YOUR INSTRUCTIONS:
Across all the entries below, count each line that holds "Livros" and report the figure only.

DATA EXTRACT:
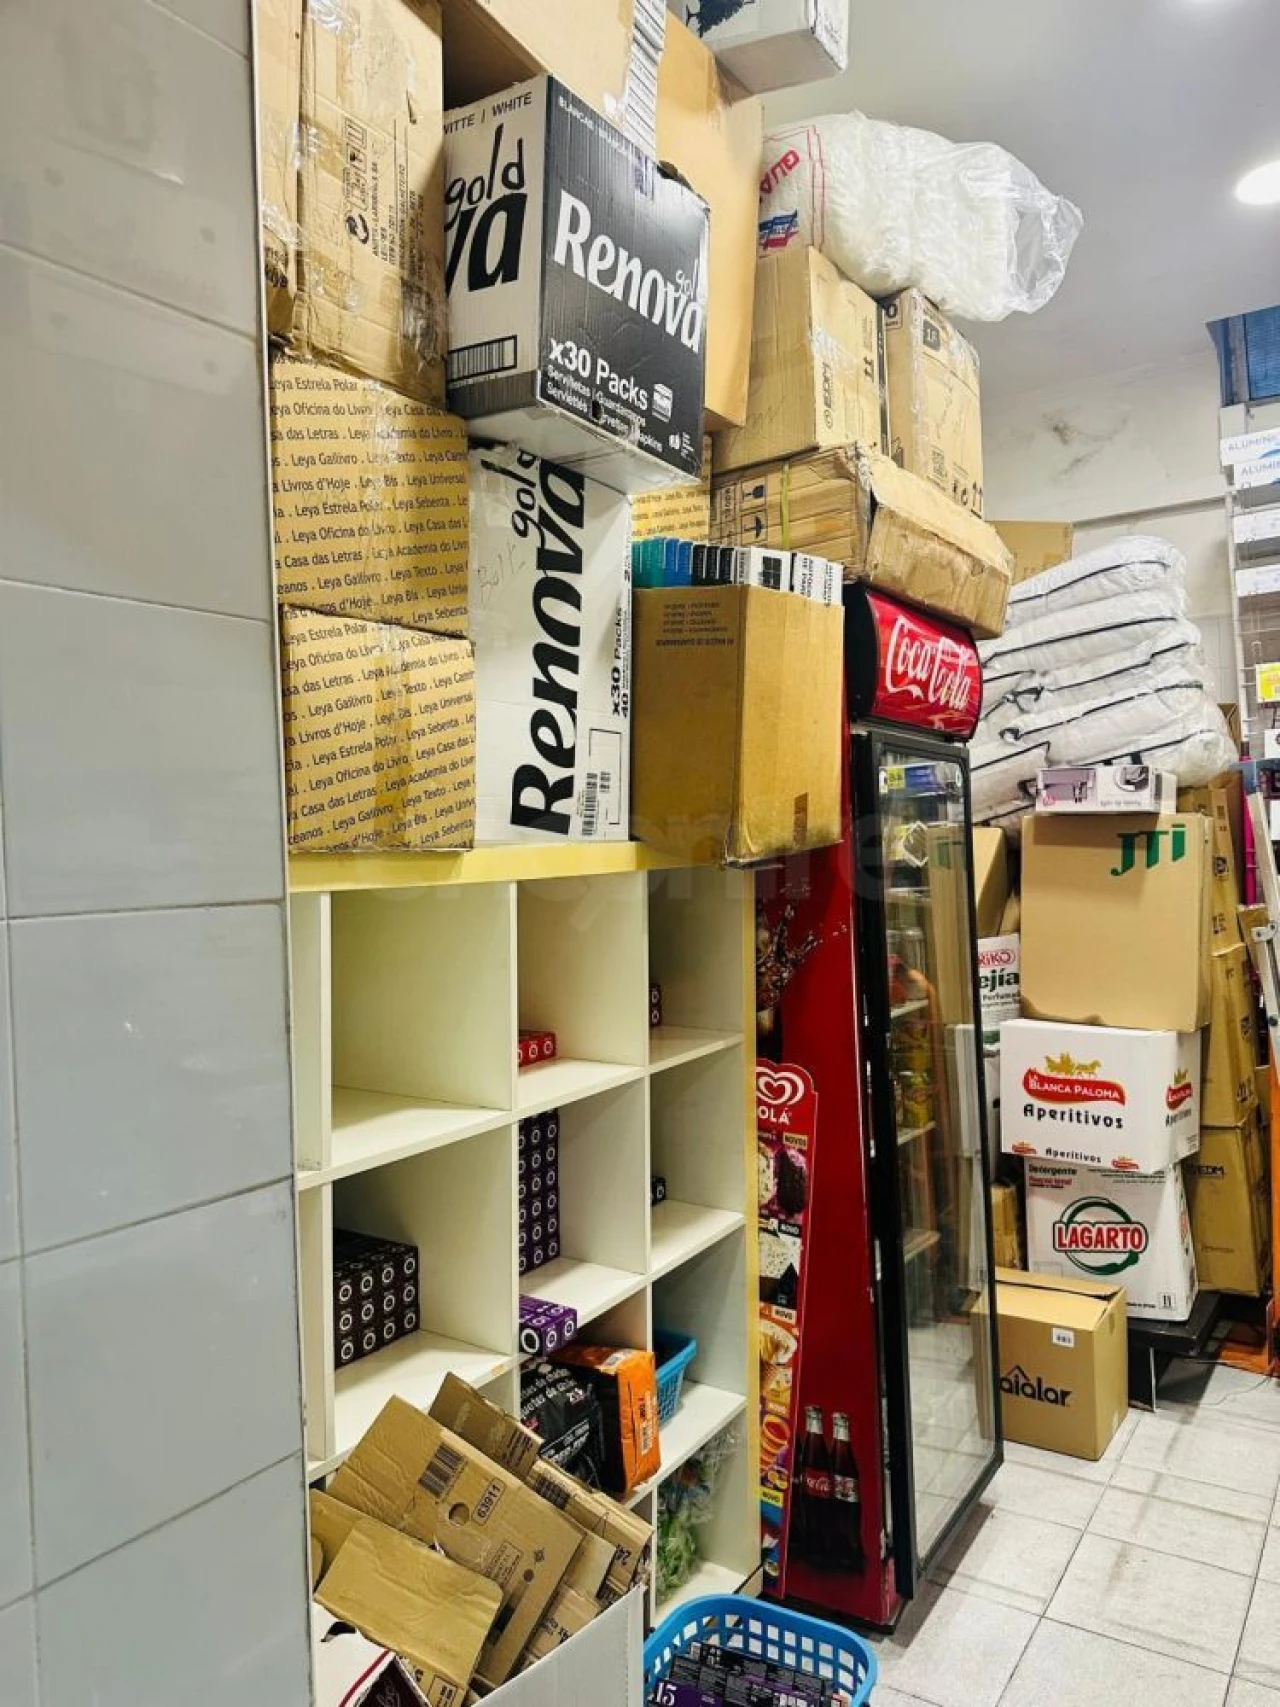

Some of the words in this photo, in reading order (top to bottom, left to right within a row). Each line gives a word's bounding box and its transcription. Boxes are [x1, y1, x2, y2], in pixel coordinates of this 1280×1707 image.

[492, 92, 532, 116] WHITE
[444, 124, 525, 232] gold
[554, 189, 706, 355] Renova
[295, 377, 331, 390] Estrela
[333, 379, 358, 391] Polar
[549, 338, 591, 378] x30
[597, 357, 648, 411] Packs
[293, 402, 330, 416] Oficina
[332, 402, 346, 415] do
[403, 403, 424, 416] Casa
[286, 427, 304, 440] das
[306, 427, 339, 441] Letras
[350, 427, 370, 440] Leya
[419, 428, 431, 439] do
[292, 455, 317, 469] Leya
[424, 453, 446, 464] Leya
[283, 479, 315, 492] Livros
[384, 475, 399, 487] Bis
[408, 475, 428, 488] Leya
[429, 473, 466, 484] Universal
[295, 505, 320, 518] Leya
[323, 502, 358, 514] Estrela
[393, 499, 414, 510] Leya
[416, 497, 450, 508] Sebenta
[291, 529, 317, 543] Leya
[319, 526, 355, 540] Oficina
[358, 524, 370, 536] do
[403, 521, 425, 533] Leya
[426, 518, 447, 530] Casa
[448, 518, 462, 529] das
[284, 554, 310, 567] Casa
[312, 552, 330, 566] das
[331, 550, 363, 564] Letras
[396, 543, 438, 558] Academia
[439, 542, 452, 553] do
[317, 576, 342, 590] Leya
[390, 569, 412, 582] Leya
[414, 566, 437, 578] Texto
[445, 564, 464, 575] Leya
[382, 594, 404, 609] Leya
[406, 588, 420, 602] Bis
[426, 587, 448, 600] Leya
[412, 611, 433, 624] Leya
[308, 628, 342, 642] Estrela
[344, 623, 367, 635] Polar
[612, 606, 622, 661] Packs
[308, 651, 344, 667] Oficina
[345, 648, 359, 659] do
[411, 635, 432, 648] Casa
[510, 458, 586, 836] Renova
[302, 680, 322, 692] das
[322, 673, 354, 688] Letras
[362, 667, 385, 681] Leya
[428, 655, 440, 667] do
[440, 650, 460, 664] Livro
[308, 702, 333, 718] Leya
[404, 681, 427, 695] Texto
[435, 675, 452, 689] Leya
[611, 665, 621, 718] x30
[298, 729, 332, 743] Livros
[420, 701, 438, 715] Leya
[439, 693, 473, 707] Universal
[312, 752, 337, 766] Leya
[339, 743, 373, 759] Estrela
[375, 735, 397, 749] Polar
[406, 727, 426, 740] Leya
[427, 718, 460, 734] Sebenta
[309, 777, 334, 791] Leya
[336, 766, 371, 784] Oficina
[373, 761, 385, 773] do
[386, 754, 409, 769] Livro
[416, 747, 436, 760] Leya
[436, 740, 456, 754] Casa
[457, 735, 470, 748] das
[301, 804, 325, 818] Casa
[327, 797, 346, 809] das
[347, 786, 378, 803] Letras
[385, 776, 407, 792] Leya
[408, 764, 448, 784] Academia
[449, 760, 461, 772] do
[332, 815, 356, 832] Leya
[403, 794, 422, 809] Leya
[423, 787, 446, 801] Texto
[453, 779, 472, 792] Leya
[392, 818, 413, 834] Leya
[414, 813, 428, 826] Bis
[435, 804, 454, 819] Leya
[421, 830, 441, 845] Leya
[980, 967, 1020, 992] ejía
[1029, 1079, 1072, 1094] BLANCA
[1074, 1085, 1121, 1099] PALOMA
[758, 1105, 790, 1126] OLÁ
[1023, 1104, 1124, 1129] Aperitivos
[784, 1136, 807, 1147] NOVOS
[1045, 1147, 1102, 1164] Aperitivos
[1029, 1164, 1077, 1176] Detergente
[781, 1224, 800, 1234] NOVO
[1056, 1223, 1145, 1251] LAGARTO
[774, 1309, 794, 1320] NOVO
[477, 1483, 502, 1518] 63911
[658, 1682, 677, 1707] 15

TASK RESPONSE:
2